Every entry here should be copied exactly.

[Free-text object descriptions]
___
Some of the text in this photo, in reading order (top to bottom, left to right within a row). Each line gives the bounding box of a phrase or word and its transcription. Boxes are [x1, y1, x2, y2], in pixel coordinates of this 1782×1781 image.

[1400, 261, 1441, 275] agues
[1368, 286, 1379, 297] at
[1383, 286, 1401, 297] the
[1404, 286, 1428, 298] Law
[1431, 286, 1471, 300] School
___
» **Task result**
Some of the text in this photo, in reading order (top to bottom, left to right within a row). Each line gives the bounding box of a phrase or word and its transcription. Boxes are [x1, y1, x2, y2], in pixel coordinates of this 1782×1781 image.

[1400, 261, 1441, 275] agues
[1368, 286, 1379, 297] at
[1383, 286, 1401, 297] the
[1404, 286, 1428, 298] Law
[1431, 286, 1471, 300] School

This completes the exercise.